One again the BOJ does nothing over the weekend.
That's put many, many traders on the wrong side of the strong Dollar/weak Yen bet and it's also pushed the Nikkei back to our long line at 16,000, which is where we expect support from the BOJ – whether overt or covert. As I said in a Bloomberg interview last week:
I think 105 is a line that will be defended by the BOJ in whatever way they can, for as long as they can and the 16,000 line is also being defended at the moment so it's great fun to play in the Futures but as soon as we get to around 18,000 or 116 on the Yen, we flip to shorting the Nikkei and long on the Yen (short USD/JPY) because both those levels are unrealistic, no matter how hard the BOJ tries to push us over those lines.
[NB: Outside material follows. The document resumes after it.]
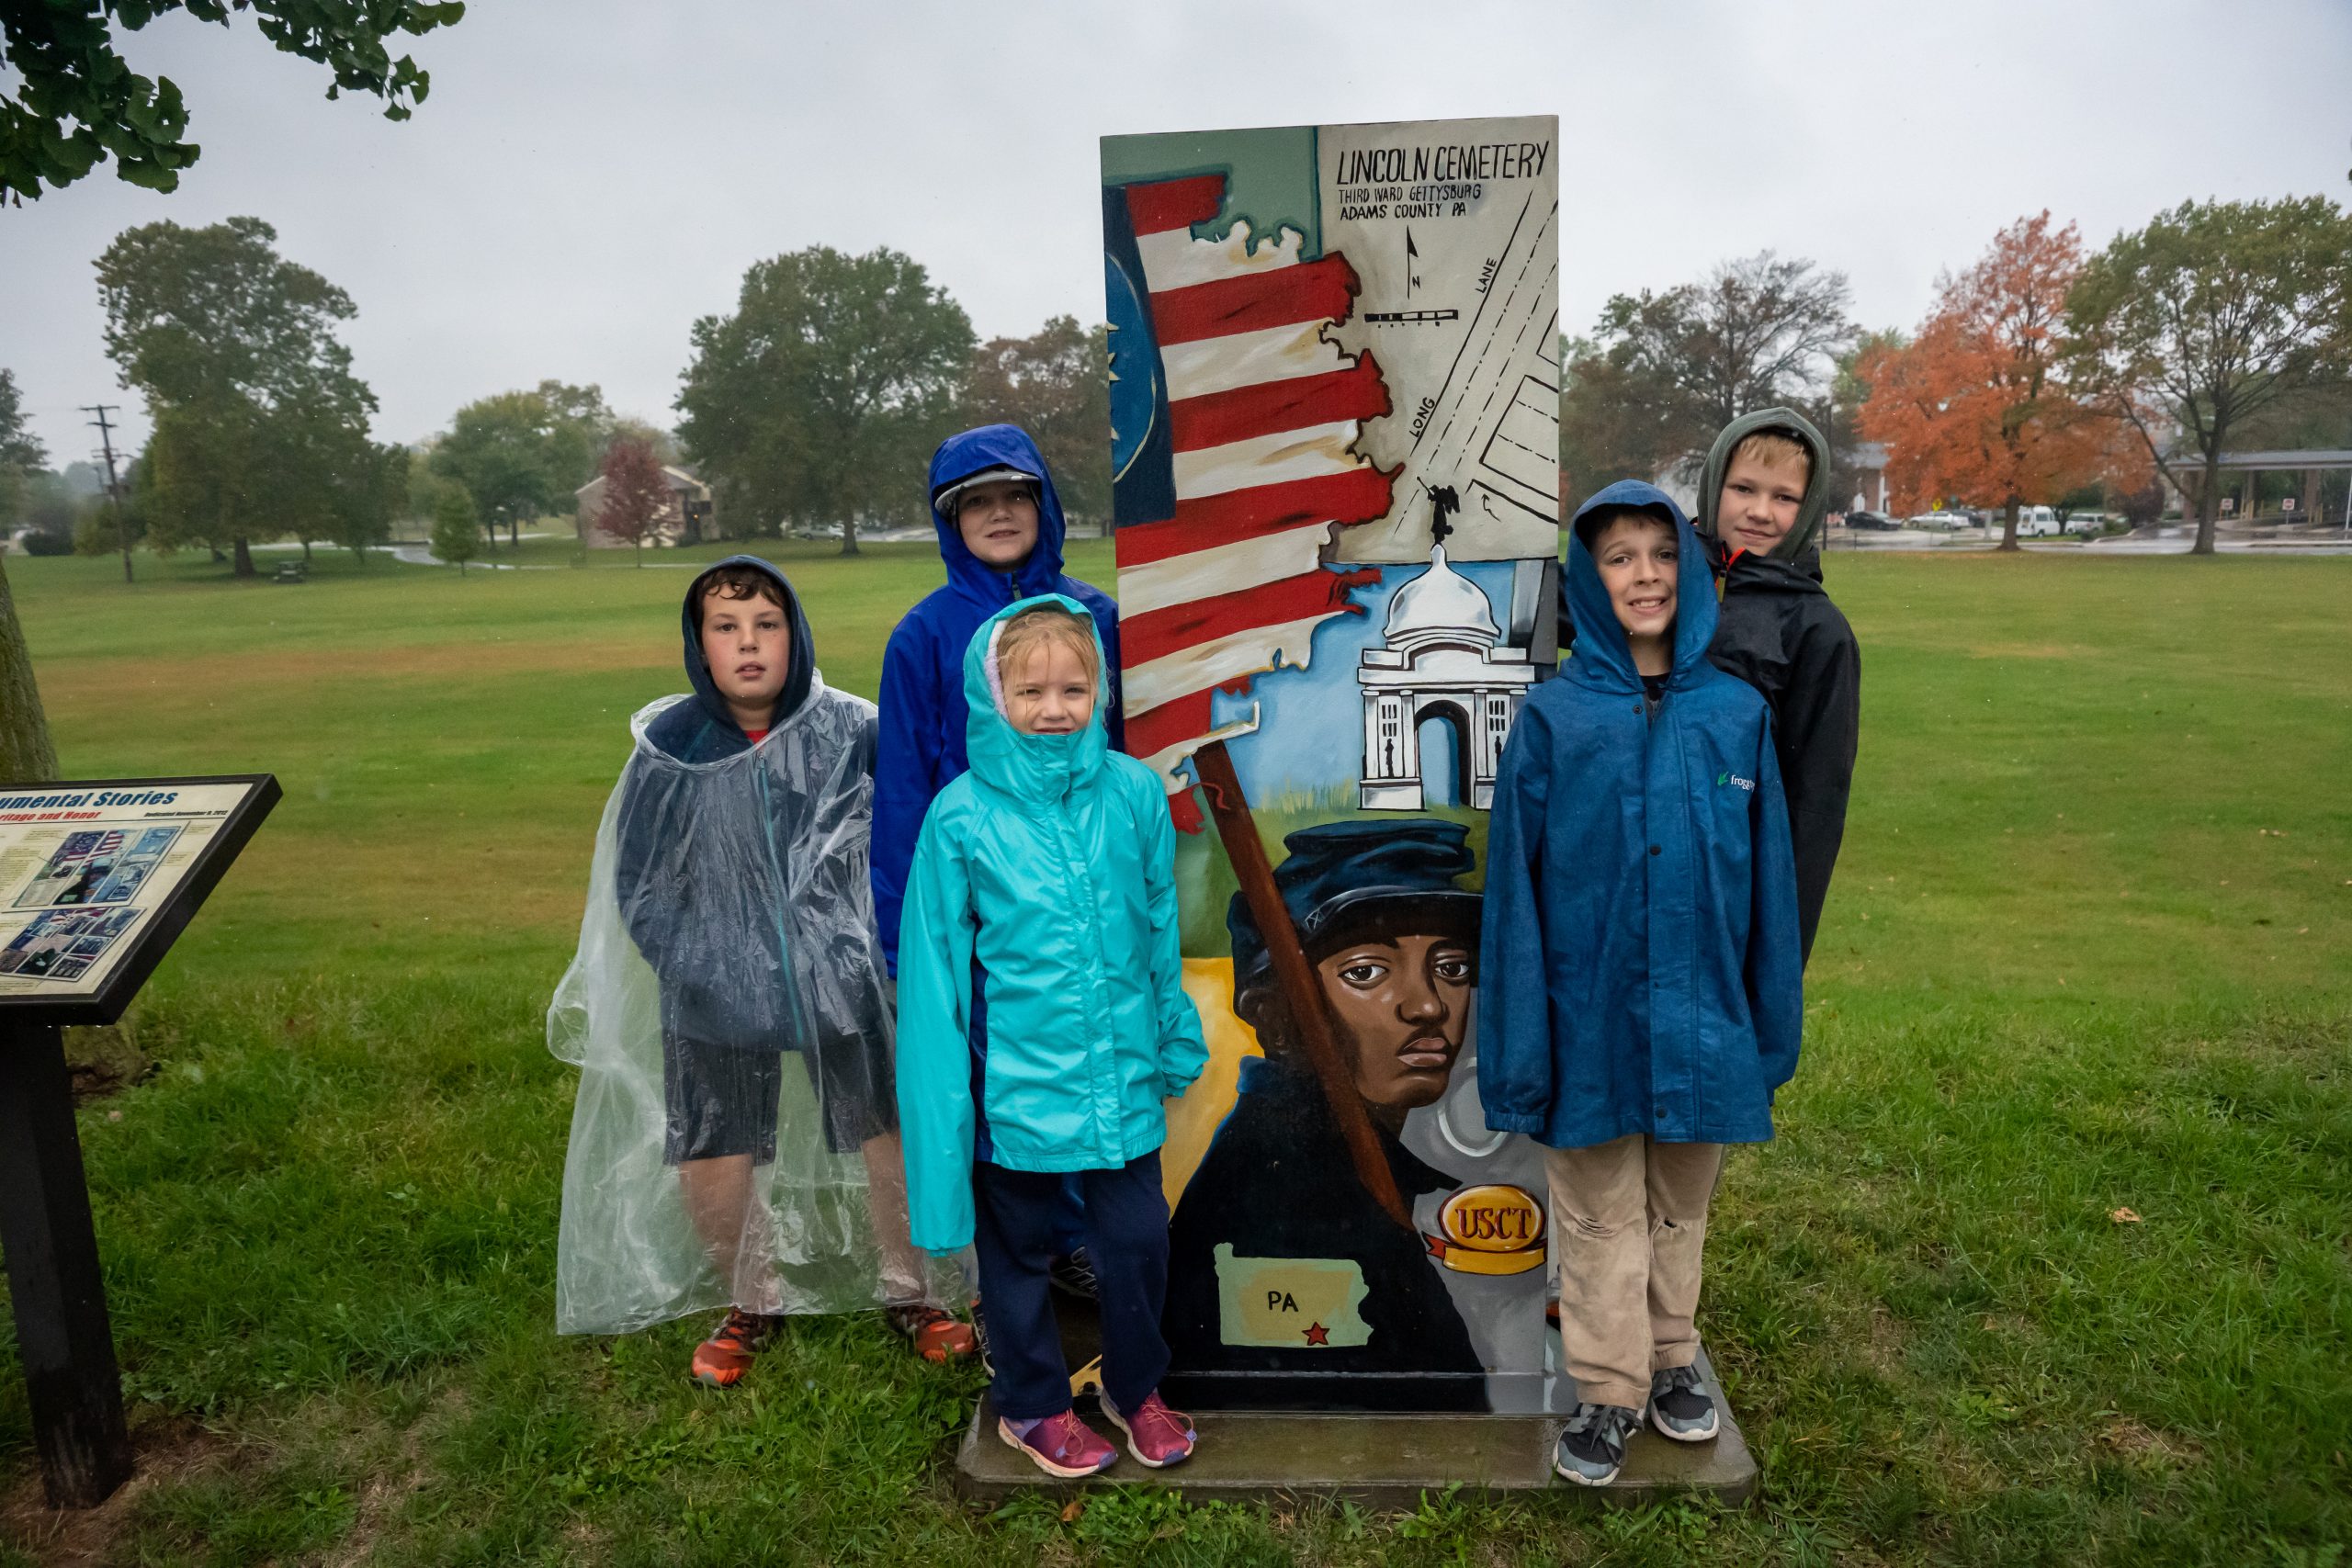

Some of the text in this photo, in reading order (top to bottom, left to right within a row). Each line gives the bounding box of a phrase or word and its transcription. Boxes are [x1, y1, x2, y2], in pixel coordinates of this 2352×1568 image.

The BOJ's problem is they can't fight the constant flow of money coming into Japan from Asian investors looking for safe-havens to park their cash. What are the alternatives? As bad as Japan is, it's less scary than their home countries so investors tend to buy Euros (Francs, etc.), Dollars and Yen but, as a reserve currency, the Yen is just 2.5% of the Global Float (Dollar 63%, Euro 24%) yes, when people are allocating cash – they tend to put a disproportionately high percentage into Yen (vis a vis allocating by reserve status) and that is what causes the Yen to be too strong, no matter how much the BOJ tries to weaken it.
Now Japan has been placed on on official US Government watch list for currency manipulation and that's forcing the BOJ to tread cautiously before making any additional currency moves and, as I said in another interview last week (hasn't aired yet), we're not expecting any real action from the BOJ until after the upcoming G7 meeting.